Is there better/reasonable language I can use here?
I don’t think in any of the definition of a pure language would Julia itself be considered a pure (or functional) language. It is an imperative language and makes heavy use of e.g. mutation. You can of course write pure (for some definition of the word) functions, say using e.g. map and filter.
Ah ok - that makes sense.
Just to make sure we are using the same vocabulary, in your answer here, how are you defining “pure”?
Would my example of fact (written in Julia) fall under your definition for a “pure” function?
Sorry for the ignorance, why map and filter have anything to do with this? Isn’t any function that 1) does not mutate input parametes; 2) does not use global variables, pure?
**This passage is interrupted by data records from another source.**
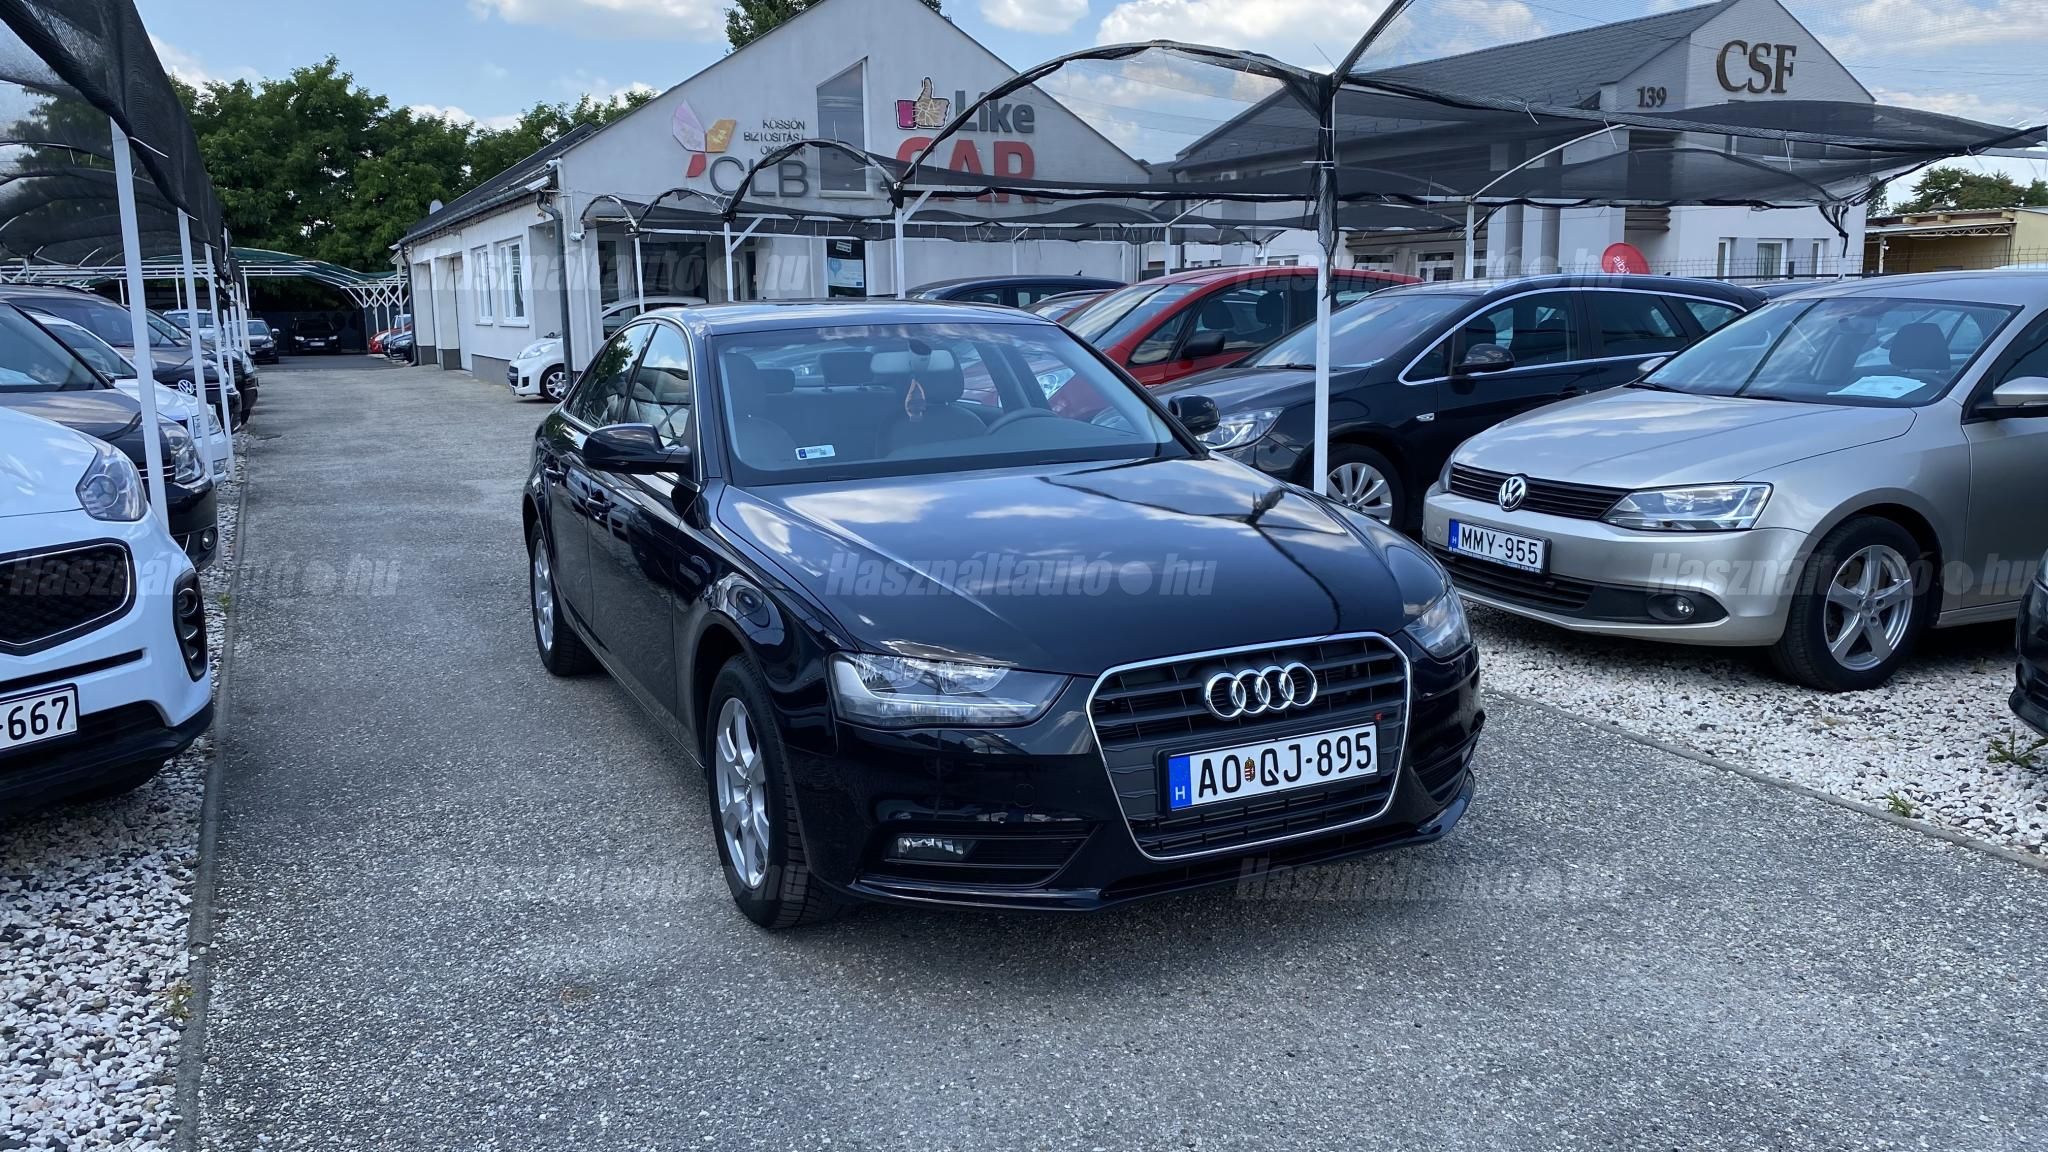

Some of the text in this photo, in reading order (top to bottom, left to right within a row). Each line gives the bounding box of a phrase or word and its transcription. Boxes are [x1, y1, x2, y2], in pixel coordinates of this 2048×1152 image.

[1716, 39, 1797, 94] CSF
[954, 90, 1035, 134] Like
[1637, 86, 1667, 108] 139
[709, 156, 809, 198] CLB
[1461, 527, 1538, 565] MMY-955
What is the concept that must be further studied here to understand why you mention map and filter in this context?
Wonderful!
Thanks for the explanation @kristoffer.carlsson - this was super helpful.
Also, thanks for asking the additional question @lmiq as I was also wondering the same thing.
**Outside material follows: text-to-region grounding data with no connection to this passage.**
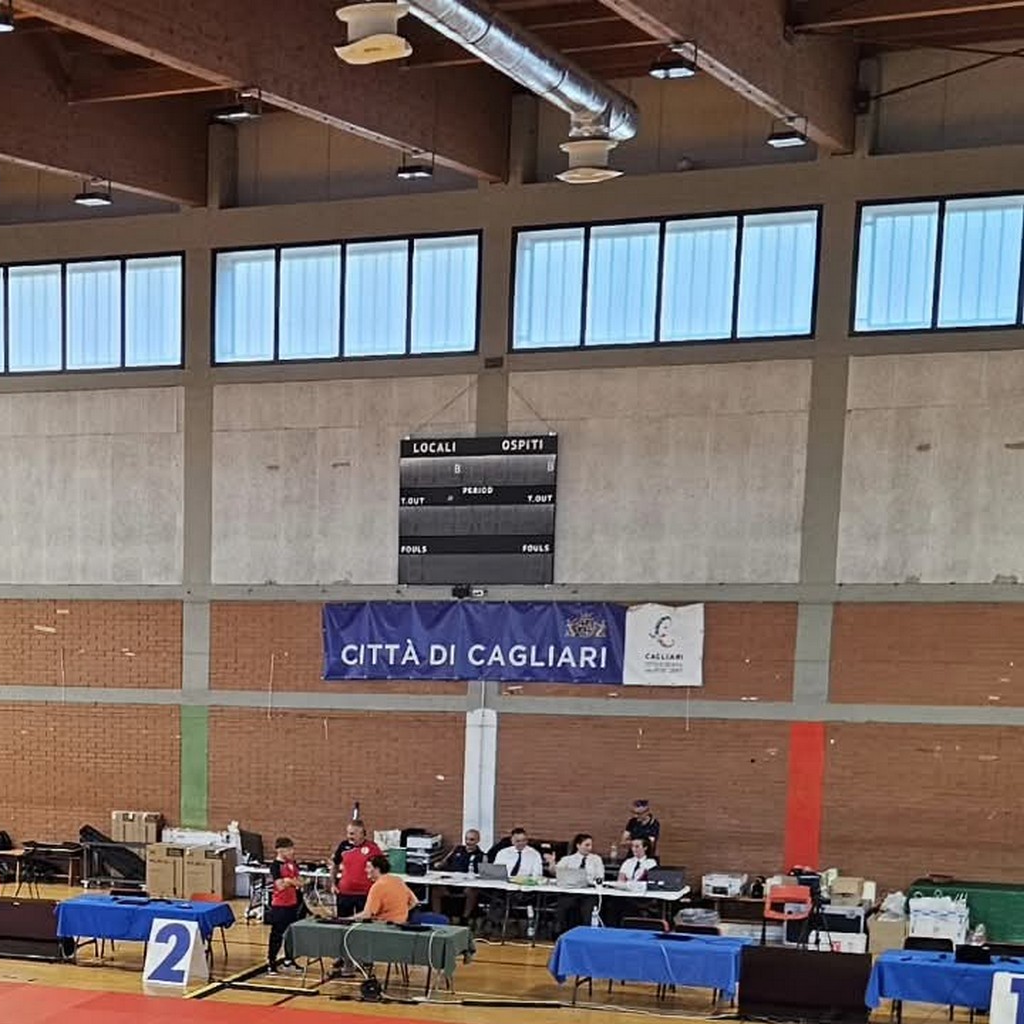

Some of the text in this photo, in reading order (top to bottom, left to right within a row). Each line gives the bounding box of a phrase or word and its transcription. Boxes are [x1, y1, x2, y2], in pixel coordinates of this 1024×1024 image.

[413, 442, 457, 454] LOCALI
[501, 438, 544, 451] OSPITI
[462, 486, 494, 495] PERIOD
[401, 496, 425, 506] T.OUT
[527, 494, 553, 503] T.OUT
[400, 545, 428, 554] FOULS
[522, 544, 550, 553] FOULS
[340, 638, 608, 669] CITTÀ DI CAGLIARI
[147, 922, 192, 984] 2
As a result of this discussion and wanting to improve discoverability, I am slightly changing the discourse post title to better reflect what we discussed.
You can write functions in Julia that are “probably” pure, like this:
myfunc(x, y) = x + y
But there’s no guarantee that myfunc is actually pure, because it depends on the various + methods that have been implemented. It’s possible to implement an unpure +(::Foo, ::Bar) and then if you call myfunc on a Foo() and a Bar(), then your myfunc is no longer pure.
Thanks @CameronBieganek for this perspective as well.
I am realizing that additionally, “pure” in a programming sense seems rather vague.
This is a really good perspective that I wasn’t really considering.
Programming purity seems quite complex the more you delve into it.
I like the notion of “probably” pure as I think it encapsulates a more pragmatic approach to the language internals of Julia.
It lets one get away without having to necessarily be completely aware of all the internals of Julia when discussing purity.
There is always an idealization going on. If you call pure Haskell but in such a way as the computation requires more RAM than is available the Linux kernel will kill the process, or maybe reap another process… This is a side effect. Because of that side effect perhaps your robot falls off a cliff and catches fire. Then the result of your Haskell code is not deterministic or Pure.
Referential transparency also helps the compiler (and user) reason about what exactly ‘=’ means, This is useful not only for various compiler optimizations, but also for implementing various types of ‘higher order’ semantics, mathematical or not.
In the section: 2.3 FUNCTIONAL EQUALITY AND COMPOSITION (page 18).
Note that you do not need a purely functional language to accomplish similar things, either by inference, lifting, or other language mechanics, implicit or explicit.
Idiomatic Julia style mixes functions with and without side-effects. The former are easier to reason about and lead to cleaner code, while the latter can be very convenient in practice for some problems.
The right question is not whether a practical nontrivial Julia program can be fully “pure”, but whether it would be advantageous. The answer is that in most situations it does not make sense, because you would be working against the language.
And yet, in situations where it is necessary to reason about a fairly complicated algorithm and referential transparency is needed, it is possible to program in such a style and avoid complexity as Julia fully supports this style.